● What you will do
Starting at the line below that contains "this 1536×1360 image." and ending at the line that contains "this 1000×1000 image.", retype each line exactly as it stands, but omit the pictures.

(Material provided Opens)

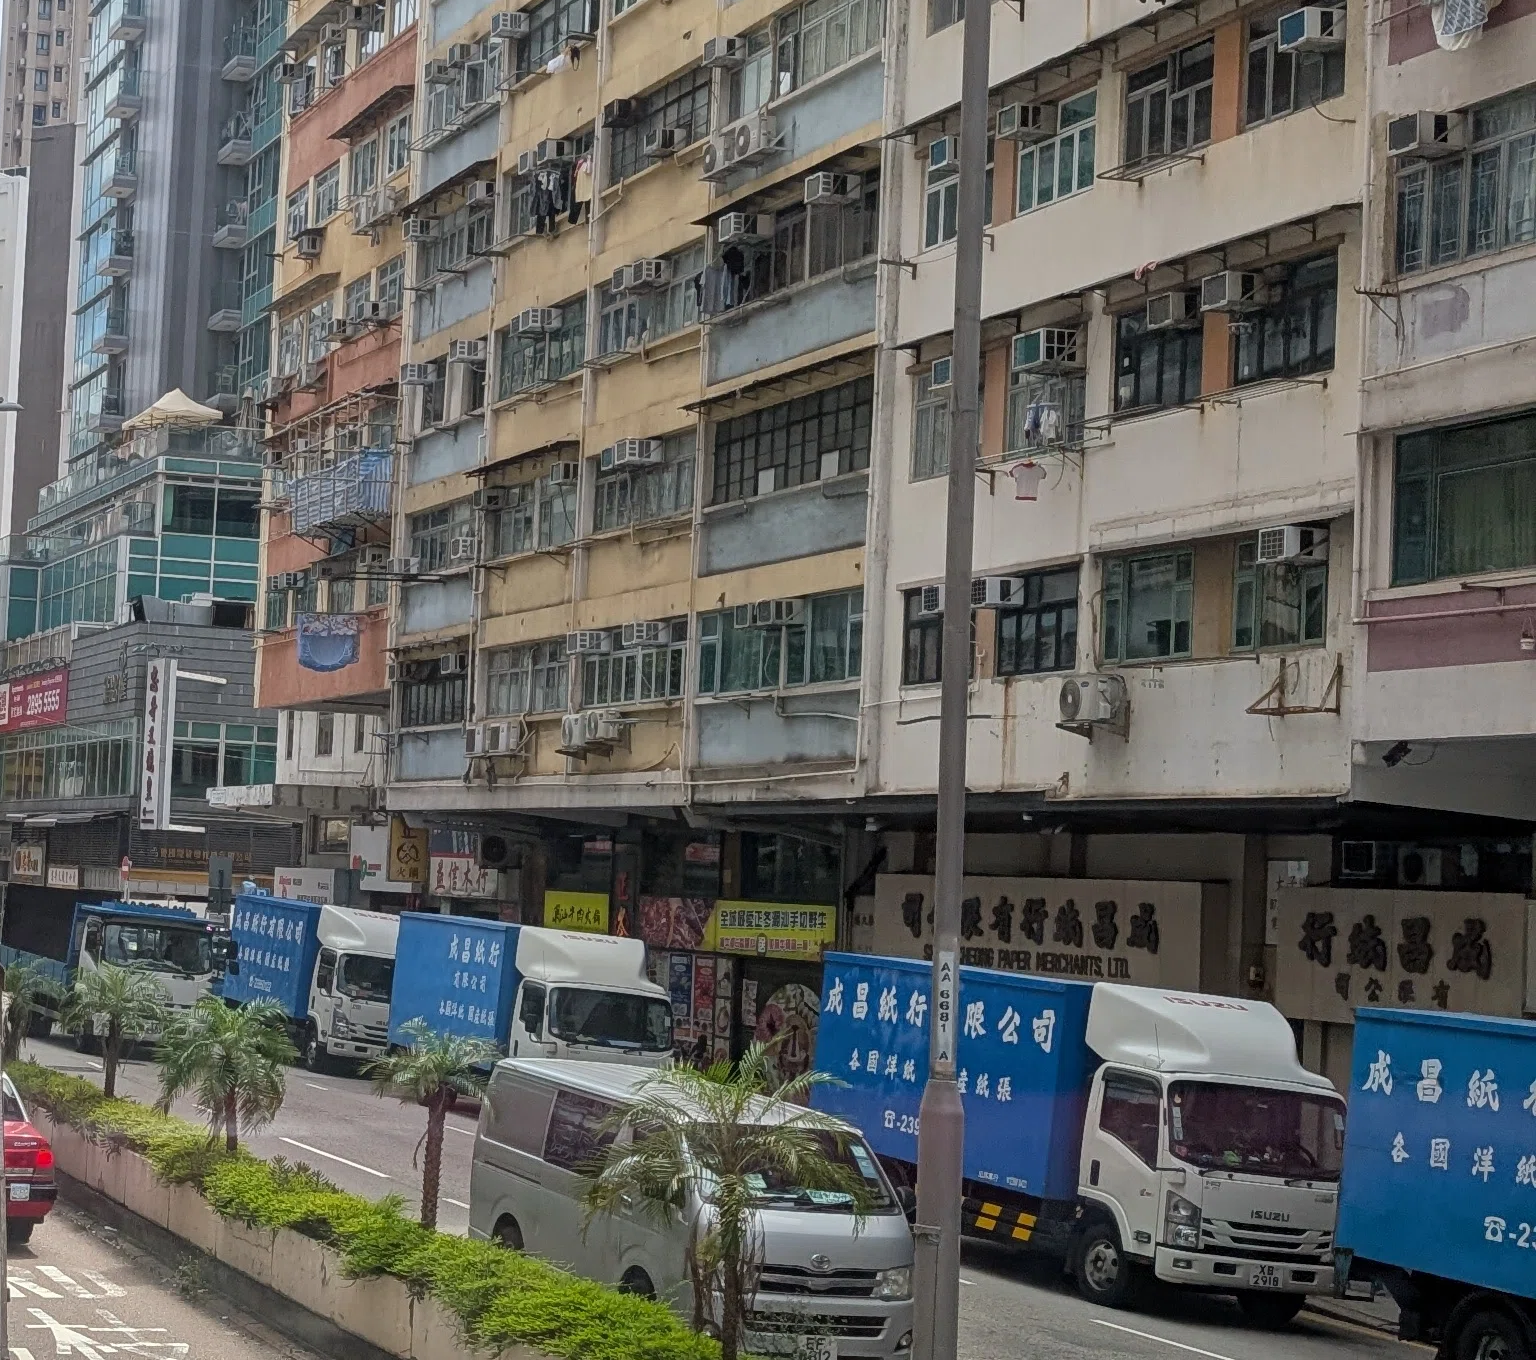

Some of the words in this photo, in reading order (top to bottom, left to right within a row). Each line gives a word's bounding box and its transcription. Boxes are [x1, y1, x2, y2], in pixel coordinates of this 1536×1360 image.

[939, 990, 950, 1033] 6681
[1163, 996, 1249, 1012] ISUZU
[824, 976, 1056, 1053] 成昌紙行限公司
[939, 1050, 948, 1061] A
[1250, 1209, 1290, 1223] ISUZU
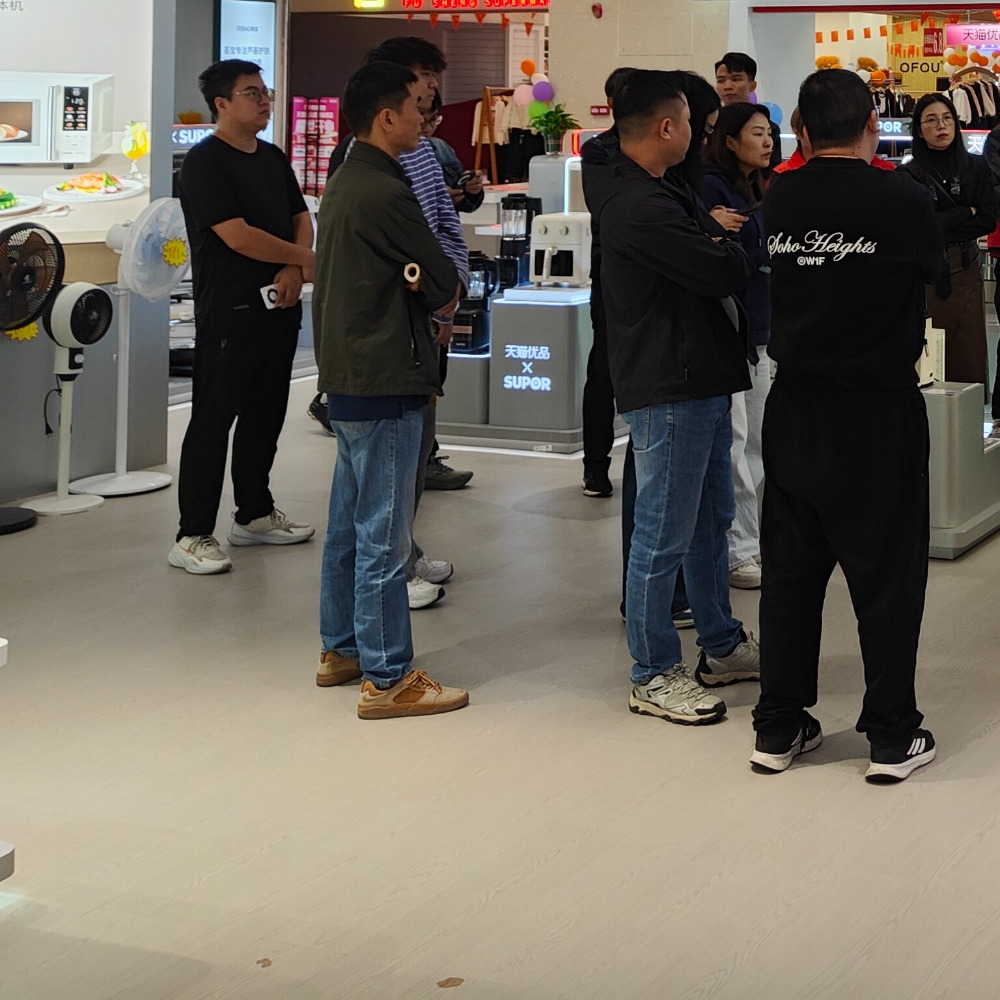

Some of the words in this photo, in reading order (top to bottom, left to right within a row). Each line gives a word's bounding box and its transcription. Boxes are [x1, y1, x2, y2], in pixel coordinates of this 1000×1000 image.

(Material provided Closes)
(Material provided Opens)

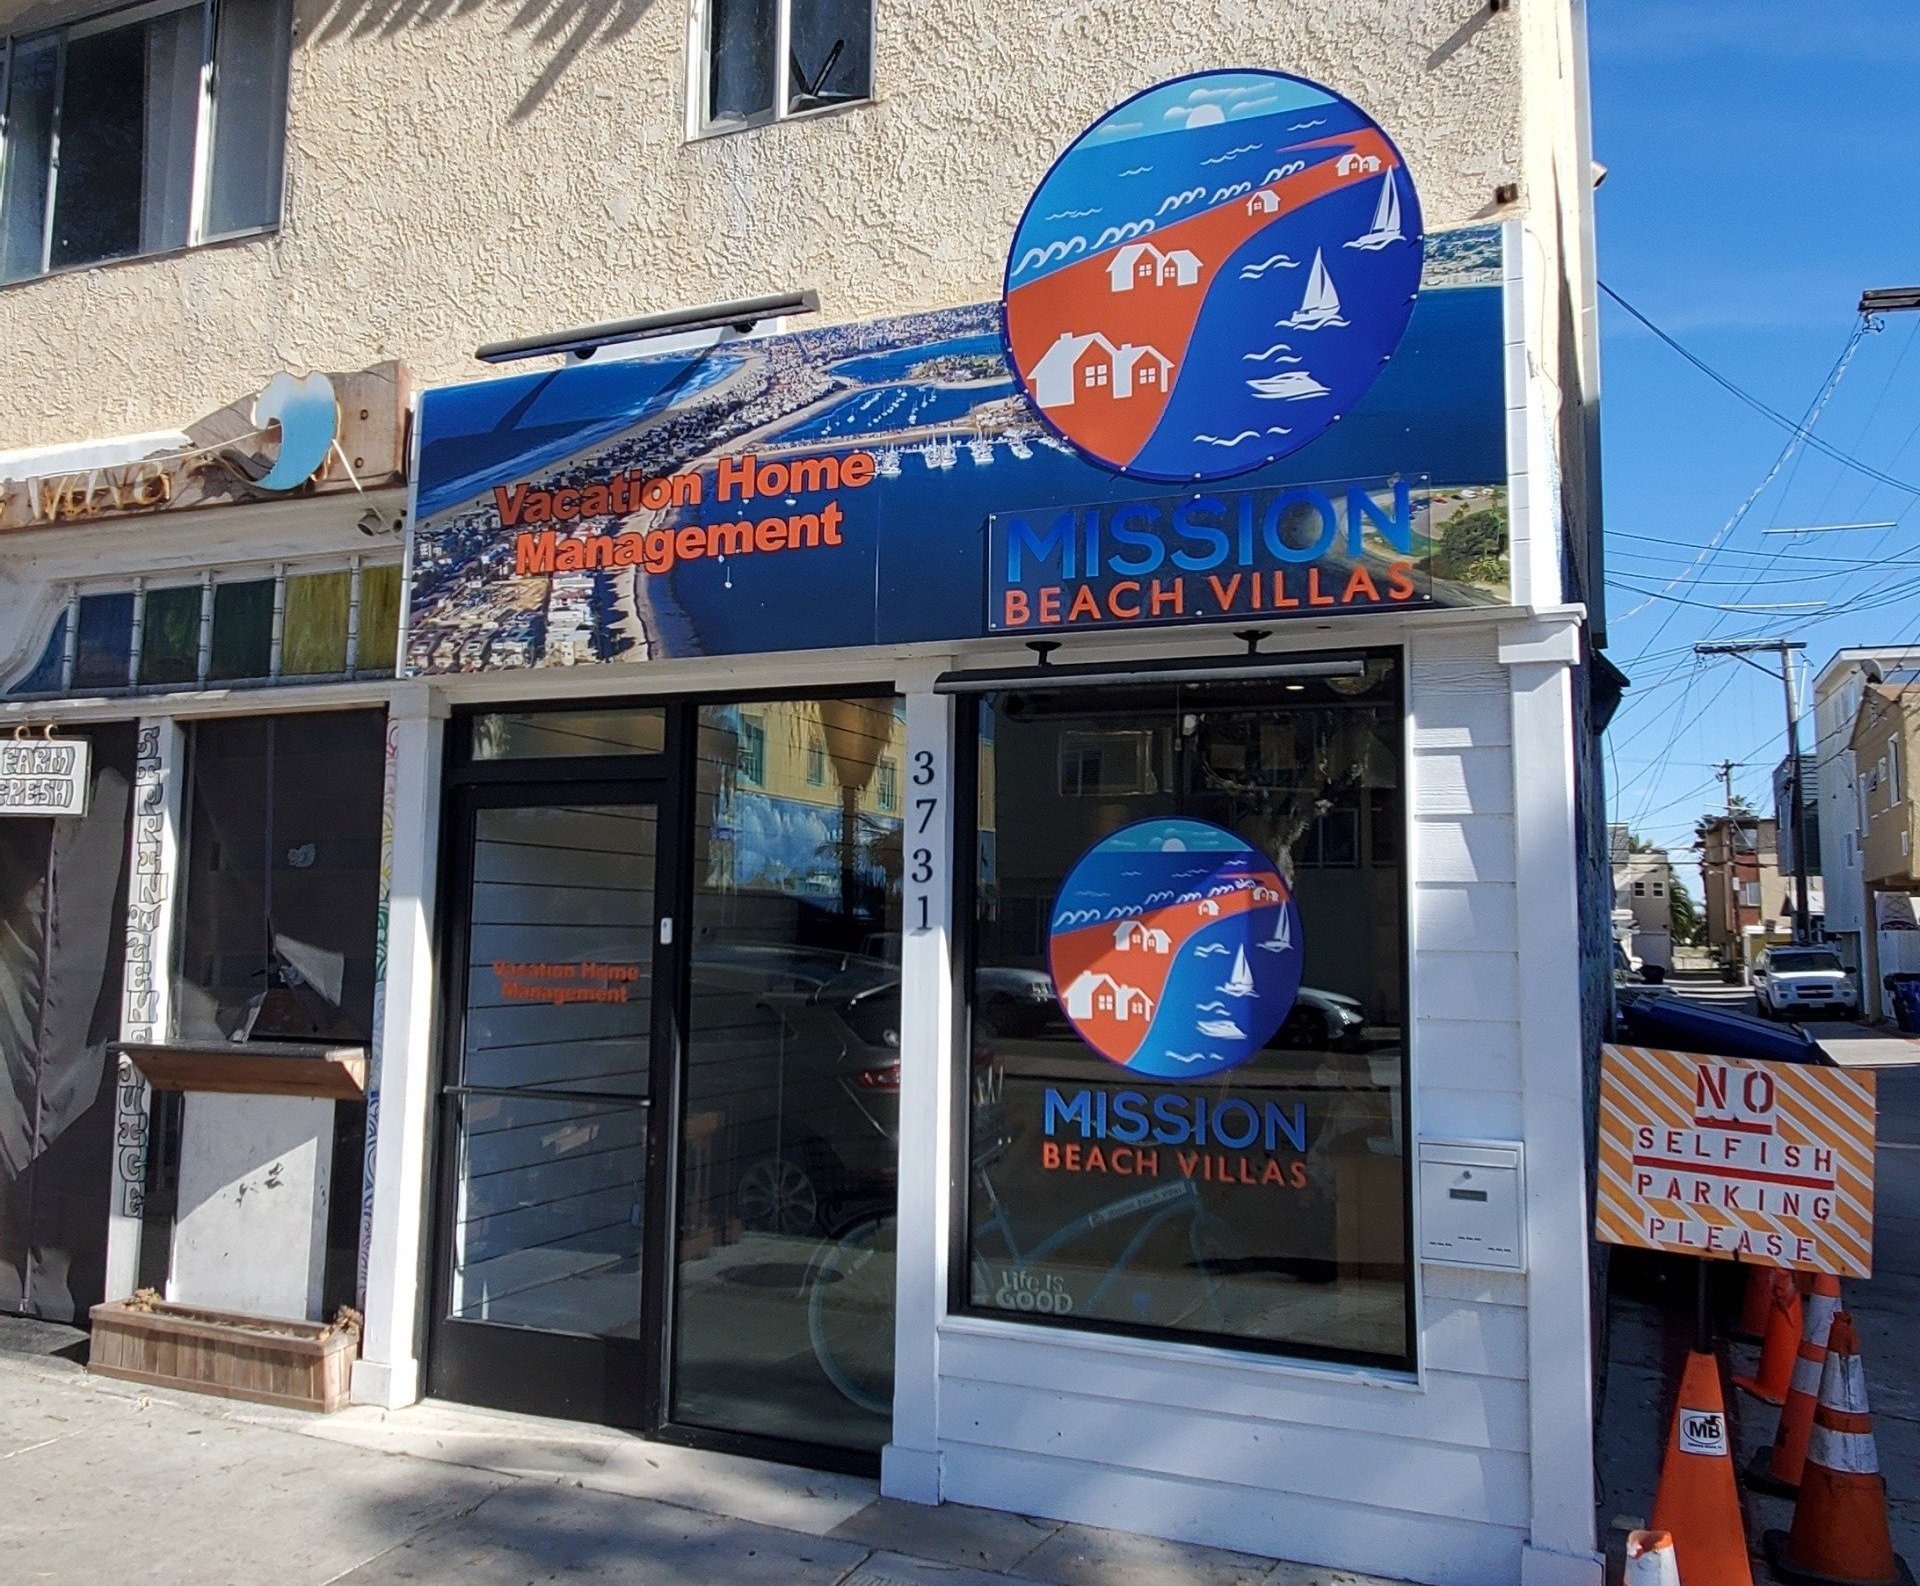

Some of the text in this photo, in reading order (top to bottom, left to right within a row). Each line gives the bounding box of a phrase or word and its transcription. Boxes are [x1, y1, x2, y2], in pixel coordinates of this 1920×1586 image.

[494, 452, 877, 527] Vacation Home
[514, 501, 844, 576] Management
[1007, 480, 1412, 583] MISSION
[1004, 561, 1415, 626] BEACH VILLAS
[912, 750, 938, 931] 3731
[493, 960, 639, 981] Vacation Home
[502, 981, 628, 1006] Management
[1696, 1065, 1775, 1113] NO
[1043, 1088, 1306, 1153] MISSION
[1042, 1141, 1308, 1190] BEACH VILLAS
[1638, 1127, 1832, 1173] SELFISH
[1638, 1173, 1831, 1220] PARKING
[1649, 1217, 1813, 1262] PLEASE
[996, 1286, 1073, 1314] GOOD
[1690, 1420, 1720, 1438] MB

(Material provided Closes)

● Response area
Some of the words in this photo, in reading order (top to bottom, left to right within a row). Each line gives a word's bounding box and its transcription. Boxes are [x1, y1, x2, y2], in pixel coordinates of this 1536×1360 image.

[939, 990, 950, 1033] 6681
[1163, 996, 1249, 1012] ISUZU
[824, 976, 1056, 1053] 成昌紙行限公司
[939, 1050, 948, 1061] A
[1250, 1209, 1290, 1223] ISUZU

Some of the words in this photo, in reading order (top to bottom, left to right within a row). Each line gives a word's bounding box and its transcription. Boxes are [x1, y1, x2, y2], in pixel coordinates of this 1000×1000 image.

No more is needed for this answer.